Molecular Docking and Dynamics Simulation Analysis of Thymoquinone and Thymol Compounds from Nigella sativa L. that Inhibit Cag A and Vac A Oncoprotein of Helicobacter pylori: Probable Treatment of H. pylori Infections

Heena       Tabassum; Iffat    Zareen    Ahmad

Abstract

Background: Helicobacter pylori infection is accountable for most of the peptic ulcer and intestinal cancers. Due to the uprising resistance towards H. pylori infection through the present and common proton pump inhibitors regimens, the investigation of novel candidates is the inevitable issue. Medicinal plants have always been a source of lead compounds for drug discovery. The research of the related effective enzymes linked with this gram-negative bacterium is critical for the discovery of novel drug targets.

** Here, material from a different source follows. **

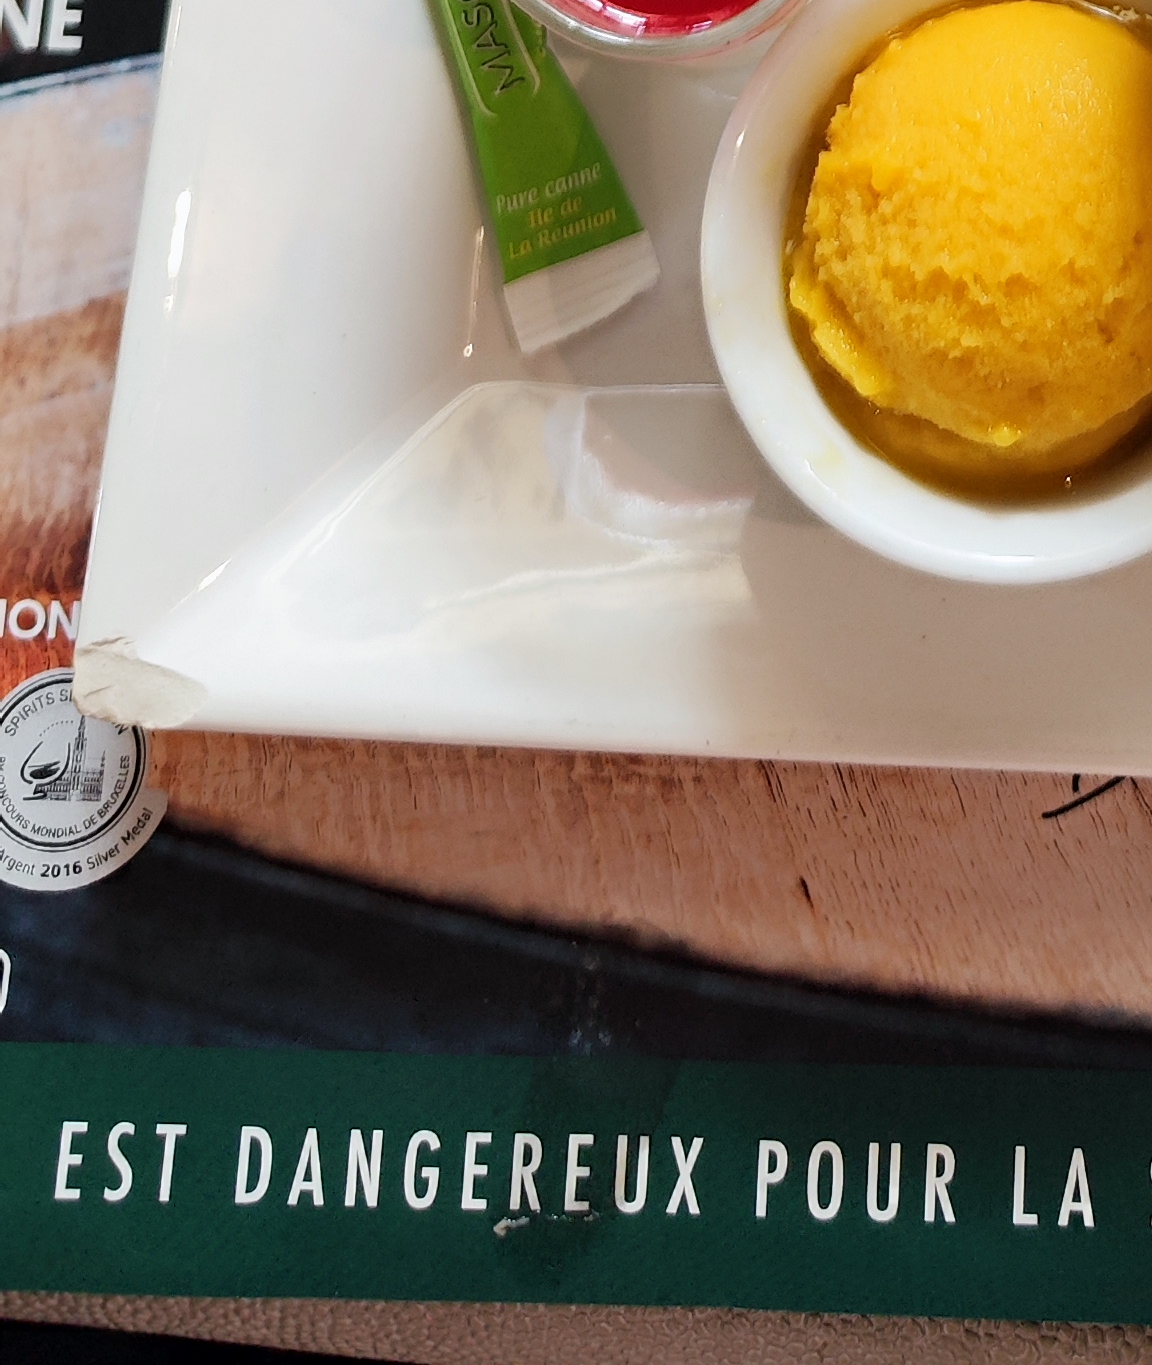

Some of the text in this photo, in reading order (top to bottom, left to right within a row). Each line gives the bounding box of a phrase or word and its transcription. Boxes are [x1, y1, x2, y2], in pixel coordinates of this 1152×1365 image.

Objective: The aim of the study is to identify the best candidate to evaluate the inhibitory effect of thymoquinone and thymol against H. pylori oncoproteins, Cag A and Vac A in comparison to the standard drug, metronidazole by using a computational approach.

Materials and Methods: The targeted oncoproteins, Cag A and Vac A were retrieved from RCSB PDB. Lipinski’s rule and ADMET toxicity profiling were carried out on the phytoconstituents of the N. sativa. The two compounds of N. sativa were further analyzed by molecular docking and MD simulation studies. The reported phytoconstituents, thymoquinone and thymol present in N. sativa were docked with H. pylori Cag A and Vac A oncoproteins. Structures of ligands were prepared using ChemDraw Ultra 10 software and then changed into their 3D PDB structures using Molinspiration followed by energy minimization by using software Discovery Studio client 2.5.

Results: The docking results revealed the promising inhibitory potential of thymoquinone against Cag A and Vac A with docking energy of -5.81 kcal/mole and -3.61kcal/mole, respectively. On the contrary, the inhibitory potential of thymol against Cag A and Vac A in terms of docking energy was -5.37 kcal/mole and -3.94kcal/mole as compared to the standard drug, metronidazole having docking energy of -4.87 kcal/mole and -3.20 kcal/mole, respectively. Further, molecular dynamic simulations were conducted for 5ns for optimization, flexibility prediction, and determination of folded Cag A and Vac A oncoproteins stability. The Cag A and Vac A oncoproteins-TQ complexes were found to be quite stable with the root mean square deviation value of 0.2nm.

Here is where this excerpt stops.